WAYNESVILLE, Mo. — Pulaski County, Missouri brings visitors from all over the world to explore the area’s history. The Old Stagecoach Stop House Museum in Waynesville is one of the attractions that bring curious people to the county.
The museum has been home to numerous people and businesses over the years, and now its displays take visitors on a journey of the building’s impact through the years.
Jeanie Porter, President of Old Stagecoach Stop, is one of nine volunteers on the board. She said the building is the oldest publicly accessible building in Pulaski County.
“We’re very proud of the history here,” Porter said. “In the 1980s this building was condemned by the city and was going to be torn down and a group of our citizens knew the value of the history here and saved the building.”
The building was built in the 1850s by a man named William Walter McDonald, who saw opportunities for business in Waynesville. He built one cabin for living quarters and one for the business to serve the stagecoach stop. Parts of the museum contain the original logs from that initial build, and the original hearth from the living quarters is intact.
In 1861, the Union Army used the building for a hospital. 32 men died on the property over 17 months. Visitors interested in Civil War history will be able to get insight into the role Waynesville played in the war. There are artifacts and reproduction artifacts on display, including a Civil War surgeon’s kit and a replica of weapons soldiers used.
McDonald resumed his stagecoach business after the war, but the new railroad took away the busy traffic.

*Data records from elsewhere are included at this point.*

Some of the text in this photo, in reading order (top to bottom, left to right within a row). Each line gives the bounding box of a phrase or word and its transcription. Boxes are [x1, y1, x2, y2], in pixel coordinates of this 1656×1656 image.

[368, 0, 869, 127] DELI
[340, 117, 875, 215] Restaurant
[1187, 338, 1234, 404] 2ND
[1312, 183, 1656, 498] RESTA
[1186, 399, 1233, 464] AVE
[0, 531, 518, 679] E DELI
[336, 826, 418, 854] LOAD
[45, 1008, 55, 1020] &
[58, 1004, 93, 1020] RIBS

The structure started as a one-story cabin but builders added on to make it a two-story building. The building served many purposes over the following decades, including as a hotel and apartments. It fell into disrepair in the 1960s. It was abandoned for almost 25 years until it was condemned by the city and restored in the 1980s.

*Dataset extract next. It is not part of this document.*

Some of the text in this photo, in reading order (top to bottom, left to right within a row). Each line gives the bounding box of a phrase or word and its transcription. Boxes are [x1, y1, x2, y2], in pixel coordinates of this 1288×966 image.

The Old Stagecoach Stop House offers a hands-on tour through ten rooms that were restored to reflect various periods in the building’s history.
“What we feel like makes us a little unique, we like our visitors to have a hands-on experience,” said Mark Zurbrik, Old Stagecoach Stop board member and Tour Guide. “Some of our artifacts are original artifacts but nonetheless we allow people to touch them, pick them up, ask questions about them.”
“As we take people through the museum, they can learn about the history by going from room to room,” Porter said.
The museum has welcomed visitors from more than 50 countries and from all 50 states.
It is open for tours every Saturday, April through September.